The US postal service may be on the blink, but neither snow nor rain nor heat nor gloom of pandemic will stay Hallmark's Countdown to Christmas from the swift completion of its appointed holiday rounds. Third graders can't play Little League soccer, but Hallmark has figured out how to meet its annual quota of 40 new movies, all of which promise to be as glossy as their hundreds of predecessors not birthed amid several ongoing global tragedies.
One Royal Holiday marks the third installment of the 2020 holiday roster, debuting on October 31, and reuniting musical-theater fans with some of their most profoundly missed Broadway stars — first and foremost, Aaron Tveit's disheveled Moulin Rouge! hairdo. Run some gel through it, and a Tony-nominated starving artist turns into a taciturn prince of the northerly European land of Galwick. James, an unmarried 30-something royal, visits the States with his mother, Queen Gabriella (Victoria Clark), to thank the good people of Boston General Hospital for the excellent care they once gave James's father, the now-deceased King of Galwick (you'll have to dig into Galwickian succession law to explain the mystery of why James isn't king now). Anna (Laura Osnes) happens to be a cardiac nurse at Boston General, but does not encounter the royal family until a fated run-in at Donny's Donuts where Anna and James engage in a flirty Christmas Cruller vs. Galwickian Yule Cake debate.
Of course, if Anna knew she were speaking with royalty, she would never have made such a spirited first impression — nor would she have insisted on driving the now-stranded European travelers to her father's quaint Connecticut inn where she plans to spend the holidays (apparently the monarchs of Galwick lack the clout to call in emergency air transportation during snow storms). But with a bright-eyed endorsement from the Queen (an adorable reunion between Broadway's fairy godmother and her former Cinderella), James, Gabriella, and their security detail Christopher (Bradley Rose) hop in Anna's Honda and drive off to the picturesque town of Kentsbury.

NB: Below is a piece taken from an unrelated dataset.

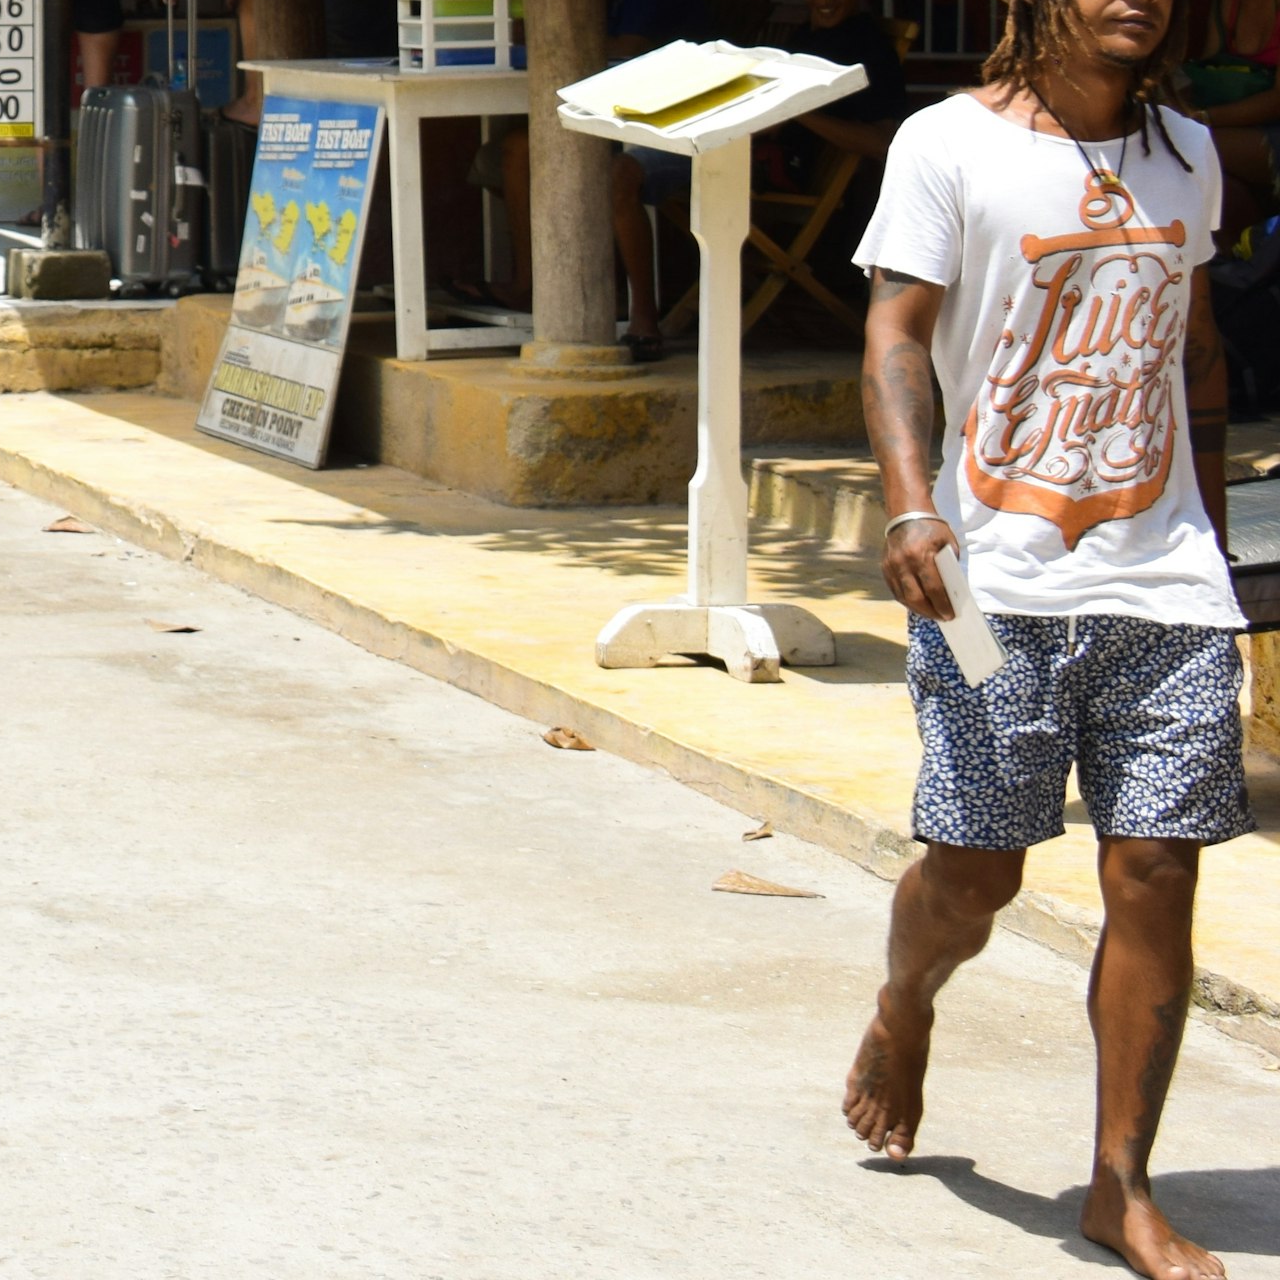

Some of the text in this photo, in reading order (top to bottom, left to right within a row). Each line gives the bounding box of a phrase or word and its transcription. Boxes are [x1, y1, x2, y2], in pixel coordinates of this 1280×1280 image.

[260, 122, 313, 142] FAST BOAT
[315, 129, 372, 149] FAST BOAT
[269, 412, 303, 439] POINT

While Anna's cheerful father Ed (Tom McGowan) greets them, the royal beans are spilled. The ensuing snowbound days are spent in close quarters where James is schooled in the ways of commoners (i.e., fuzzy socks and bed-and-breakfast chitchat), and Anna finally learns how to give some TLC to her own heart. Meanwhile, James frets over how to be personable in a Christmas speech he bombed last year and has to deliver again to the people of Galwick in just a few days (if he can make it home in time) and Anna works with her best friend and town mayor Sara (Krystal Joy Brown) to salvage Kentsbury's annual Christmas Eve Pajama Ball after snow damages the venue (Sara also uses this time to gather her rosebuds with the handsome Christopher).

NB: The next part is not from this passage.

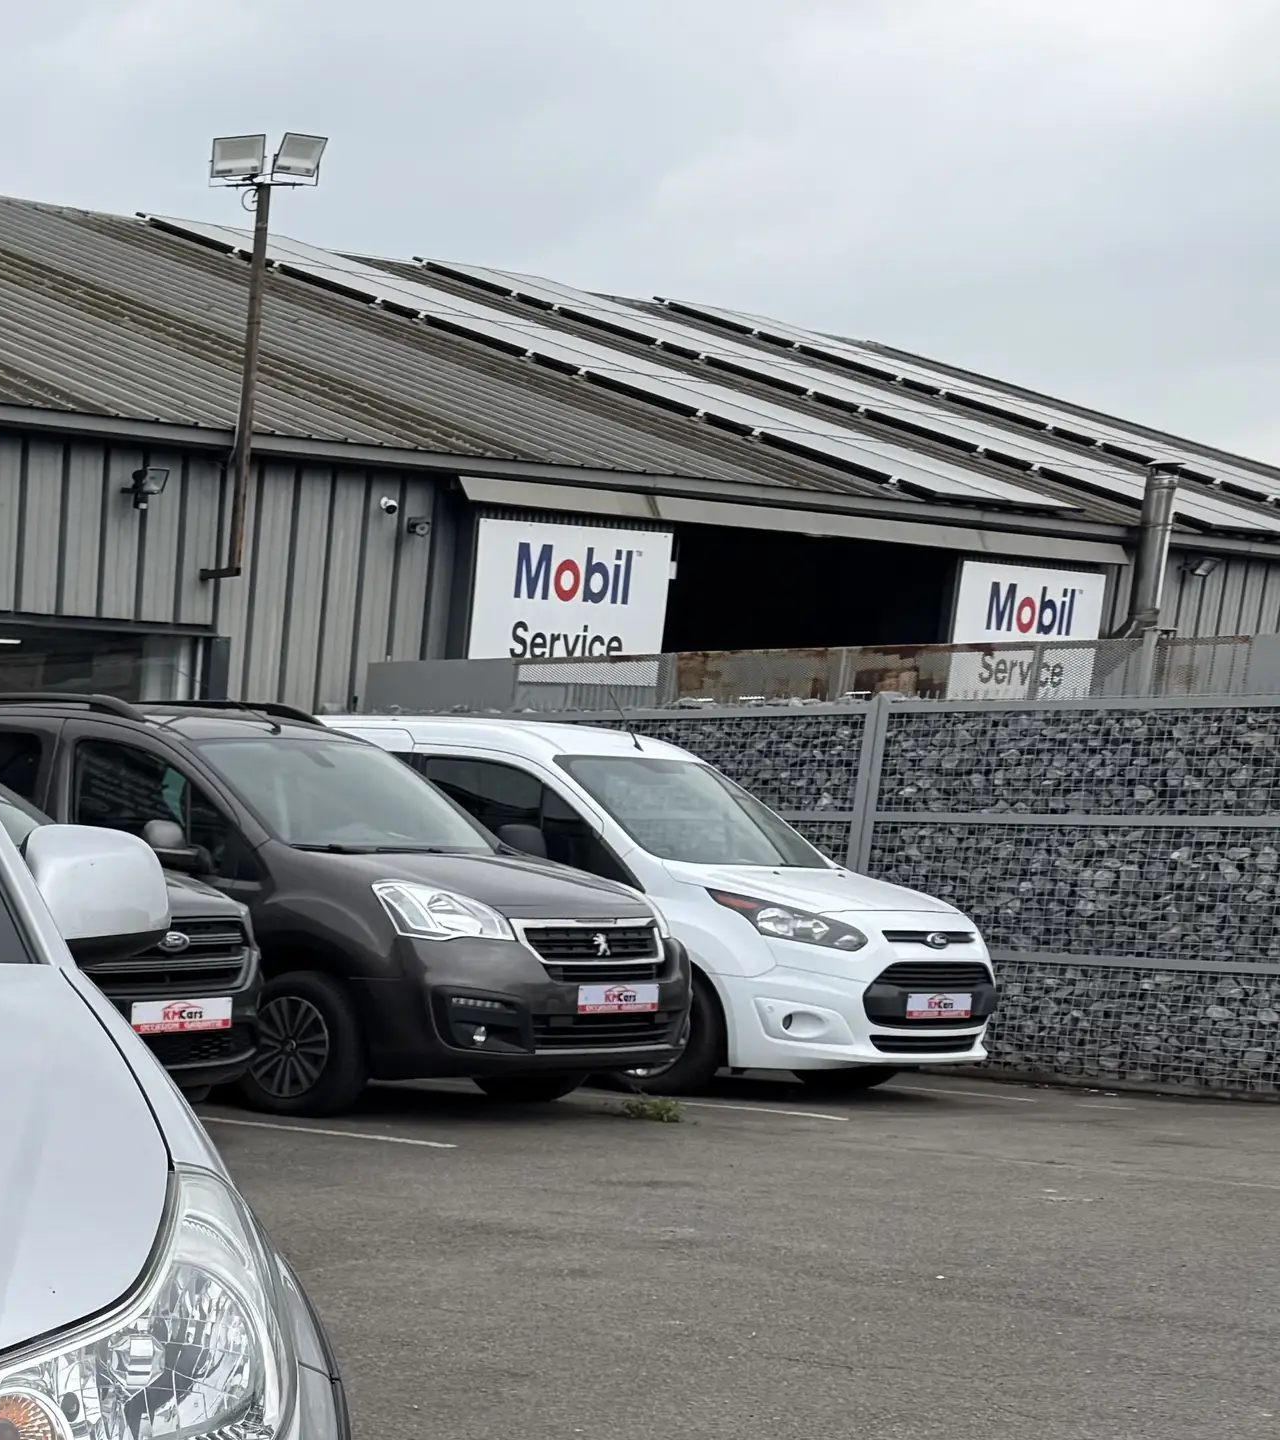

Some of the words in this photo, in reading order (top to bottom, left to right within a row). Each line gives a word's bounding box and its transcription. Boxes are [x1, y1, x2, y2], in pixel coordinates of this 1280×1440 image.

[513, 542, 634, 605] Mobil
[985, 581, 1076, 636] Mobil
[509, 620, 623, 658] Service
[978, 653, 1064, 687] Servce

When do these Broadway stars sing, you ask? We get a Tveit-Osnes duet to "Winter Wonderland" in the opening credits and a brief "Joy to the World" solo from Brown in the middle, but the cast's musical talents are mostly left under wraps (no soprano stylings from Clark, I'm sorry to report). A musical-theater substitute One Royal Holiday surely is not, but the specter of Broadway — for better or worse — hovers in the background of this Halloween-night premiere. Osnes is always the twinkling image of perfection, but her commanding presence is never displayed quite as well onscreen as onstage. Still, she fits the Hallmark bill perfectly, and though she may not be quite as quirky as the Crown Media powers that be seem to be angling for, she is endearing and lovable and wears a fabulous collection of Christmas sweaters — which, let's be real, is at least 45 percent of the Hallmark appeal. Tveit, on the other hand, gets a boost in charm up close as his stoic exterior melts under Osnes's doe-eyed gaze. His Eurocentric accent even grows more amiable over time — largely thanks to Clark who converses with him in the odd dialect and has the mystical power of elevating performances from silly to radiant.
Naturally, the movie ends with a sorrowful parting, followed by a romantic reunion — followed by my own stress-induced inquiries about quarantine mandates for international travelers between Kentsbury and Galwick. During a holiday season that will bear no resemblance to the Pajama Ball, the land of Hallmark is both uniquely out of touch and uniquely soothing. It may not be the succor everyone requires, but if you'd like to spend a few hours pretending the world can be a New England holiday card, settle into One Royal Holiday — where the only politics is small-town charm, the only contagion is Christmas cheer, and the only travel restrictions are the ones caused by blizzards and underperforming snow plows that conspire on behalf of love.